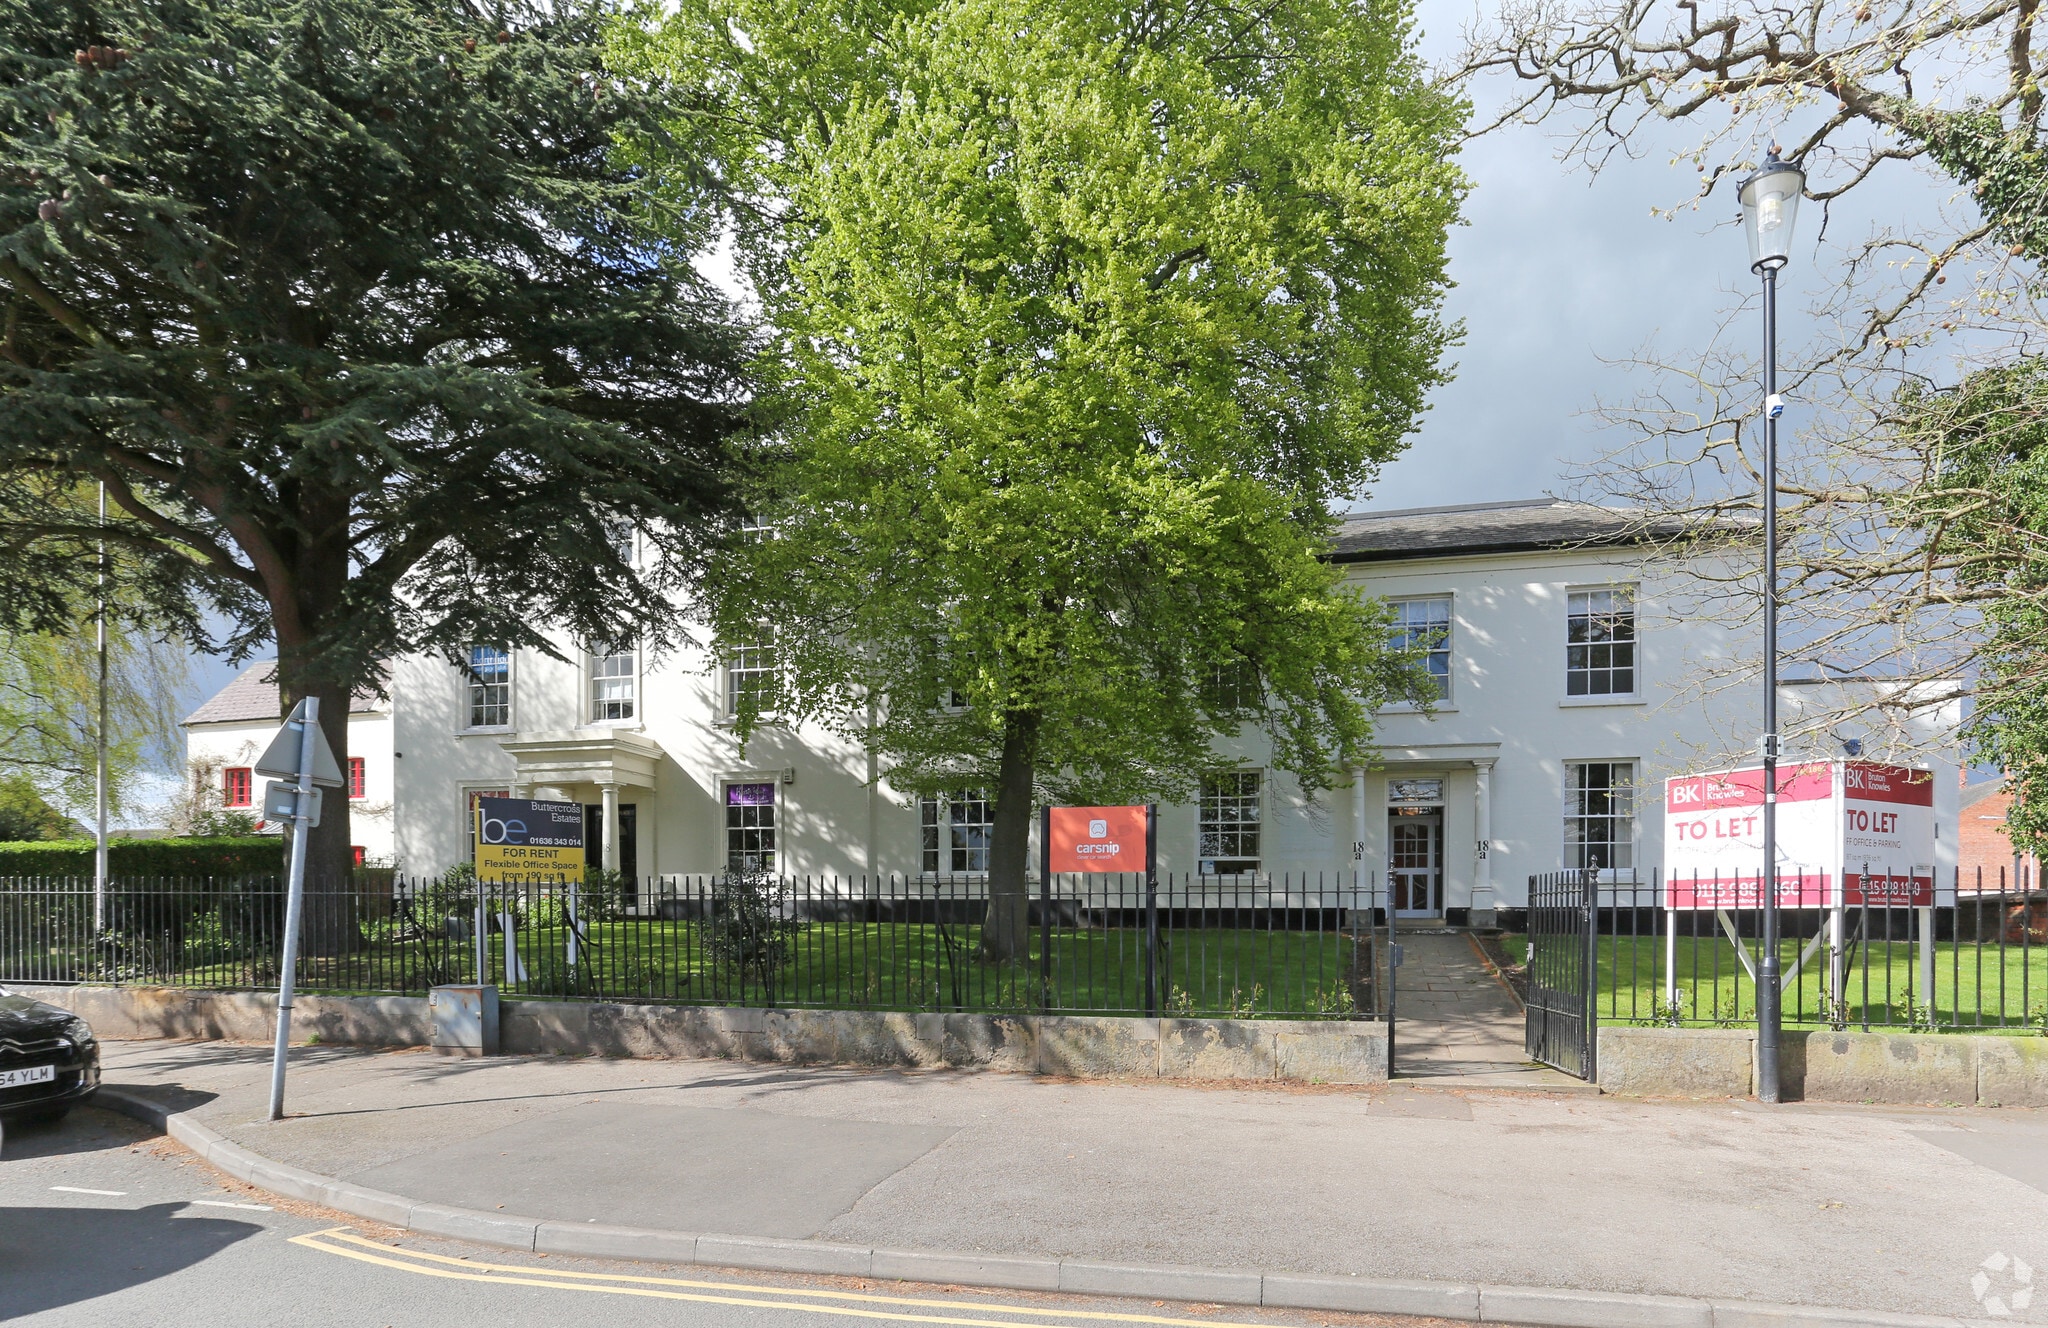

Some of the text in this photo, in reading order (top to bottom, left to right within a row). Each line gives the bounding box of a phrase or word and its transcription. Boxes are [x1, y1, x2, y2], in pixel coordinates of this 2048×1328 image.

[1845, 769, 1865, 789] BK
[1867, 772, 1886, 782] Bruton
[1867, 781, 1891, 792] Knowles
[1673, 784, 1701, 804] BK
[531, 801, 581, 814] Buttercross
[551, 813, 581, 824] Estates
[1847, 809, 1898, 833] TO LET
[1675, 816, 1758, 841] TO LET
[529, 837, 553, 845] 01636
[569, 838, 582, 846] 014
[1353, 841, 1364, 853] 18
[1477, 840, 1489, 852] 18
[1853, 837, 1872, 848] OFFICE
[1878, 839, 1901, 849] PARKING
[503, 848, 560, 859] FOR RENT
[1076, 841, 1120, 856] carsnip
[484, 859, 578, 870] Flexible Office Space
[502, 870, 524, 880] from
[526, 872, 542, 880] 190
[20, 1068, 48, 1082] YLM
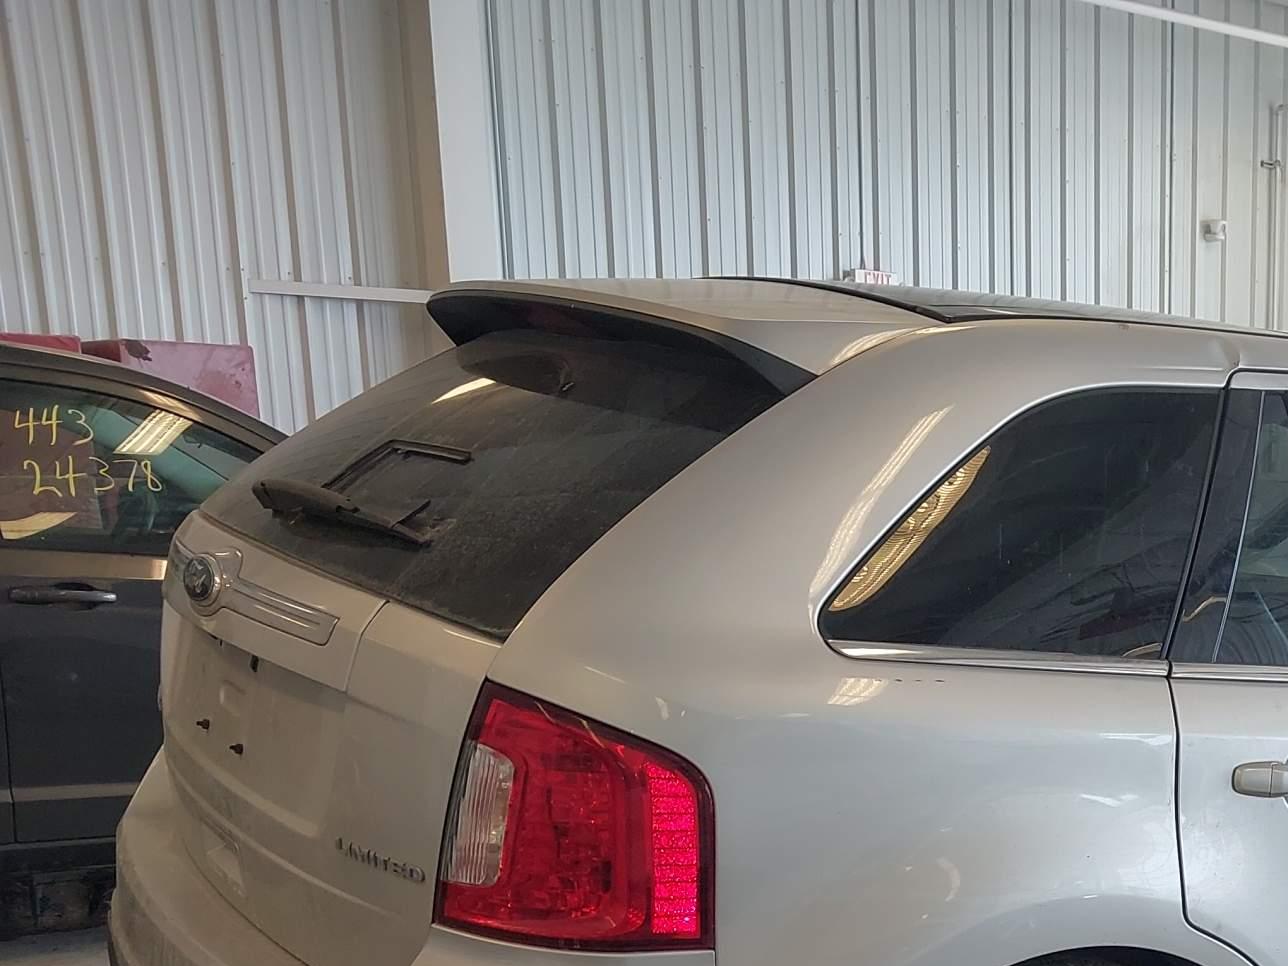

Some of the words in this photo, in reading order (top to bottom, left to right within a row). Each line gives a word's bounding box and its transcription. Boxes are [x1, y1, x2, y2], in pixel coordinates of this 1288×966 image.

------

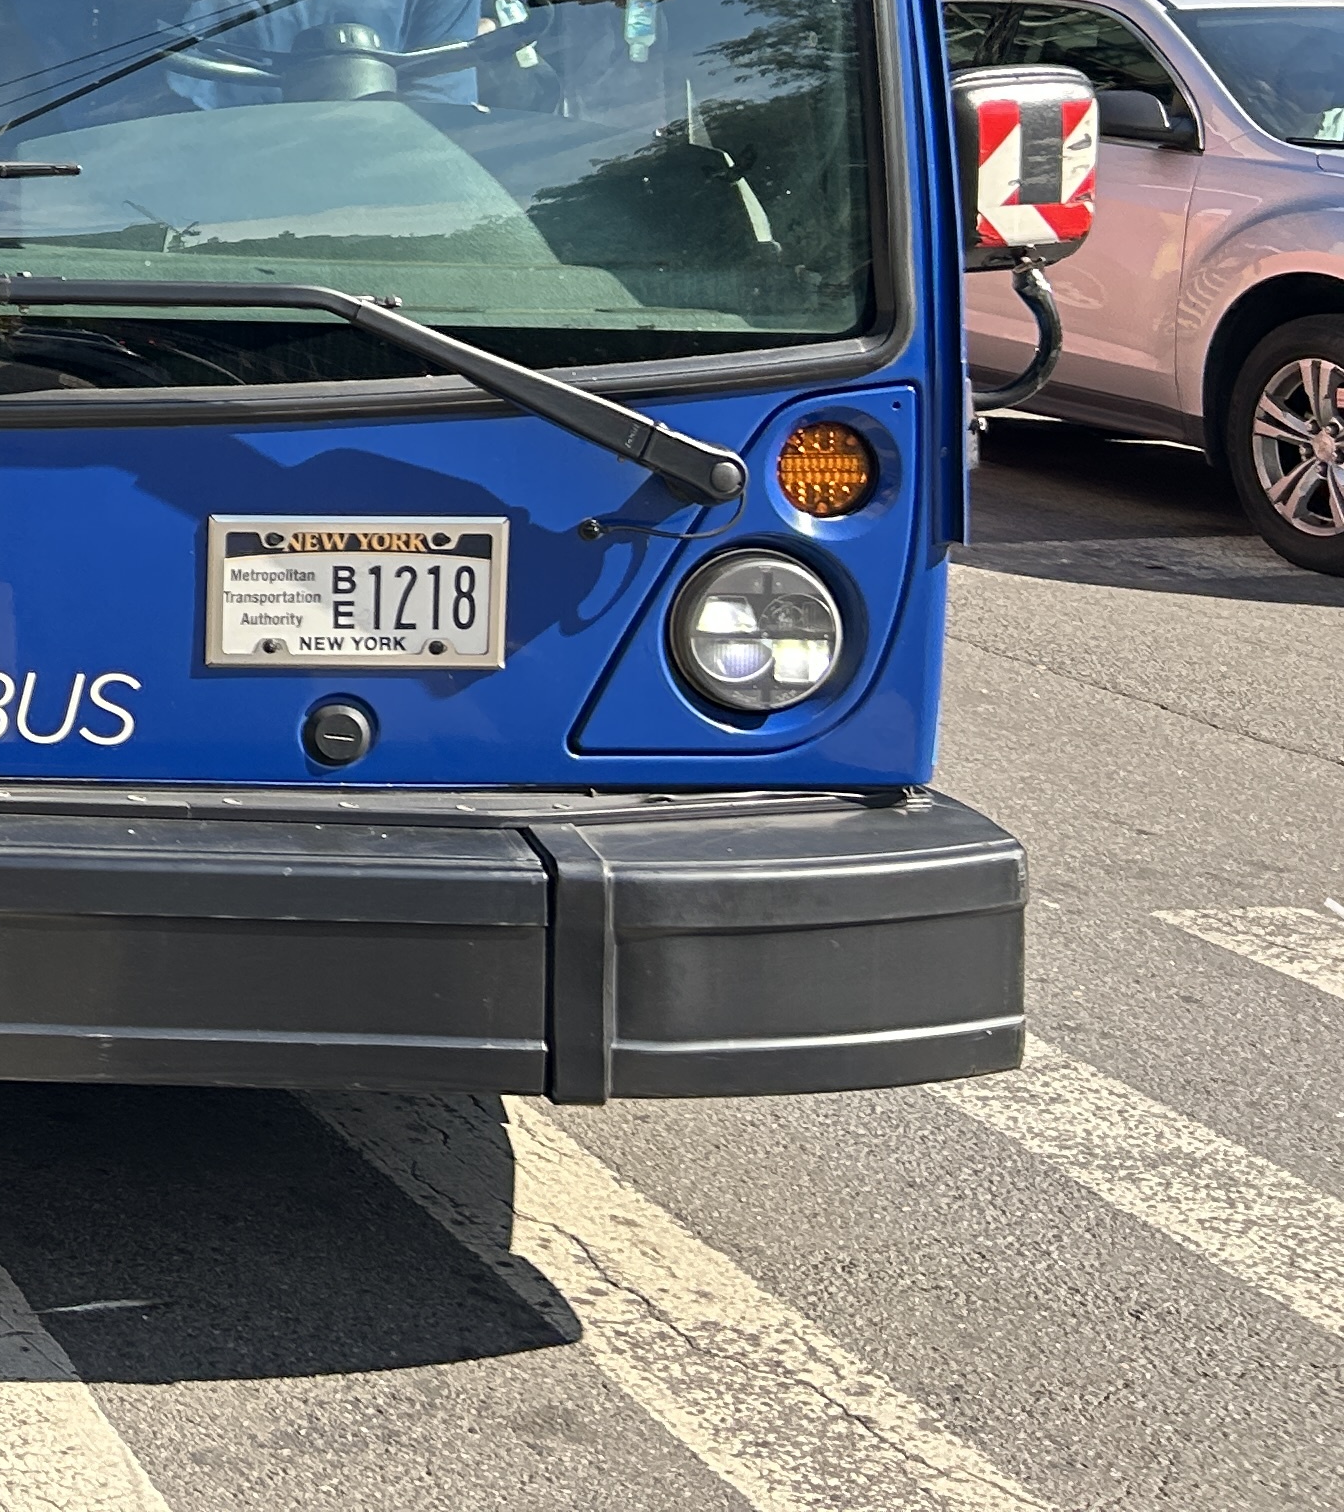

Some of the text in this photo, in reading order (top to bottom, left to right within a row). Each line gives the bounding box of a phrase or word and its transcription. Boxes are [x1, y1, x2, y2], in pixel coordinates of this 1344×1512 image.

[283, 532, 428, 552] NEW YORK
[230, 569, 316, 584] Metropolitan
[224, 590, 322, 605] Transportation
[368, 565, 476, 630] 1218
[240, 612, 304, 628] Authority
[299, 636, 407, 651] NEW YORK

------

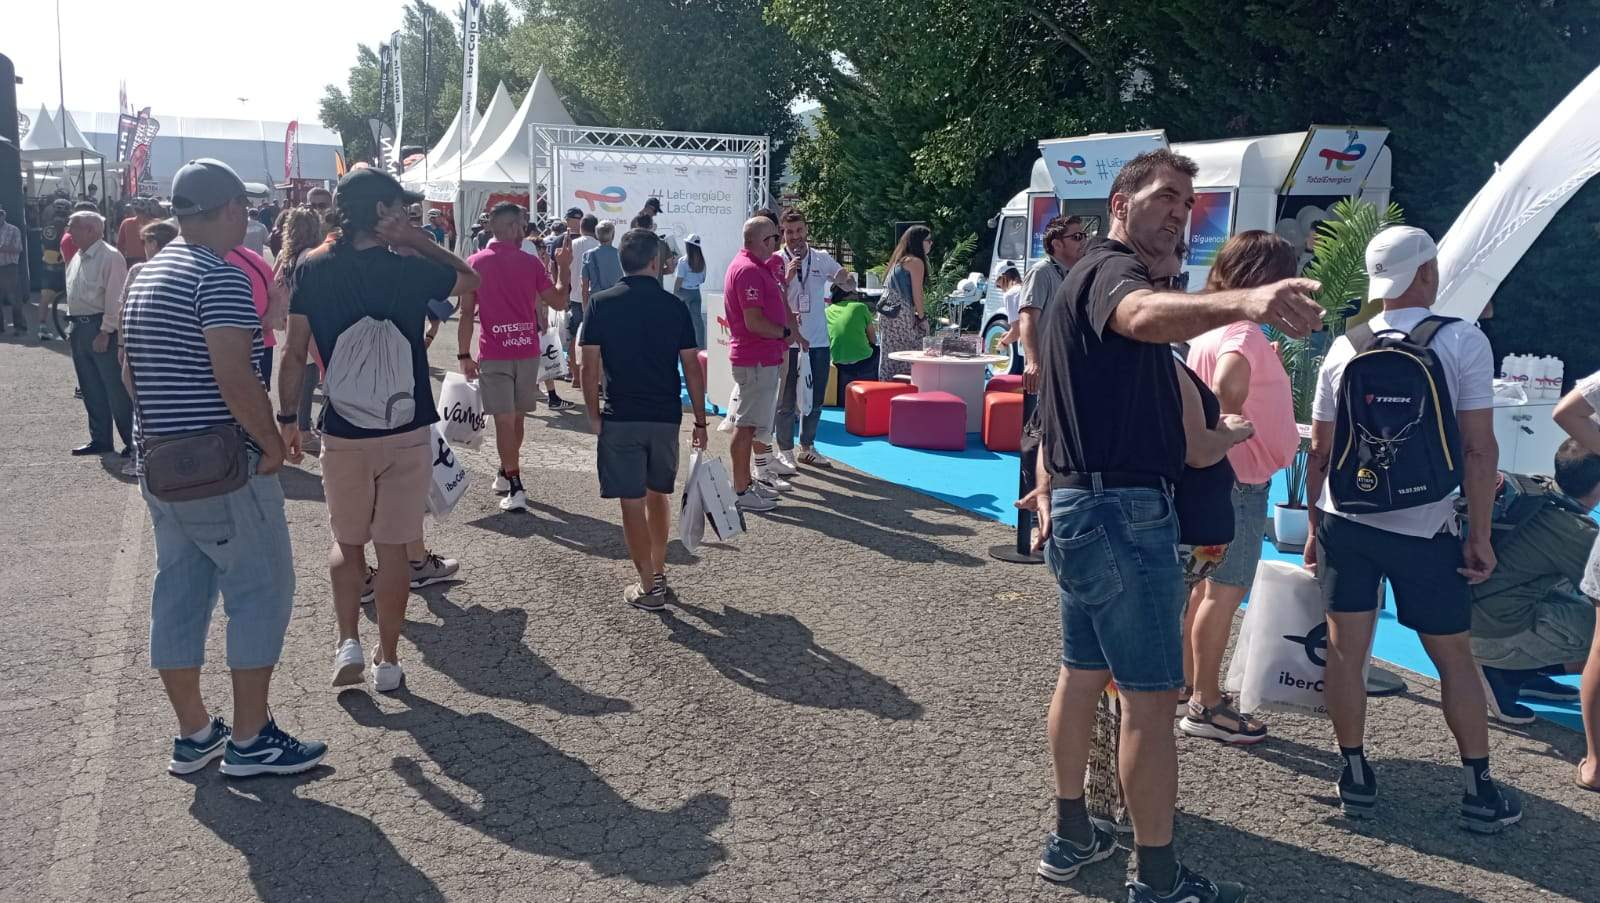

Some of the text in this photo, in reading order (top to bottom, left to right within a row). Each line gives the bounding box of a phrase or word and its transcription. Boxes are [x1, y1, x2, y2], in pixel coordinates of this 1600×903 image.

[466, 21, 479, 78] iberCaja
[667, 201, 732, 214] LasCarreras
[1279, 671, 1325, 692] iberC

------

What the task requires:
Although pictures appear among the records above, write out exactly only the lines from the one that has "this 2048×1328 image." through the one that has "Some of the words", and leave the pictures out.

Reply:
Some of the text in this photo, in reading order (top to bottom, left to right within a row). Each line gives the bounding box of a phrase or word and its transcription. Boxes are [x1, y1, x2, y2], in pixel coordinates of this 2048×1328 image.

[1845, 769, 1865, 789] BK
[1867, 772, 1886, 782] Bruton
[1867, 781, 1891, 792] Knowles
[1673, 784, 1701, 804] BK
[531, 801, 581, 814] Buttercross
[551, 813, 581, 824] Estates
[1847, 809, 1898, 833] TO LET
[1675, 816, 1758, 841] TO LET
[529, 837, 553, 845] 01636
[569, 838, 582, 846] 014
[1353, 841, 1364, 853] 18
[1477, 840, 1489, 852] 18
[1853, 837, 1872, 848] OFFICE
[1878, 839, 1901, 849] PARKING
[503, 848, 560, 859] FOR RENT
[1076, 841, 1120, 856] carsnip
[484, 859, 578, 870] Flexible Office Space
[502, 870, 524, 880] from
[526, 872, 542, 880] 190
[20, 1068, 48, 1082] YLM

Some of the words in this photo, in reading order (top to bottom, left to right within a row). Each line gives a word's bounding box and its transcription. Boxes are [x1, y1, x2, y2], in pixel coordinates of this 1288×966 image.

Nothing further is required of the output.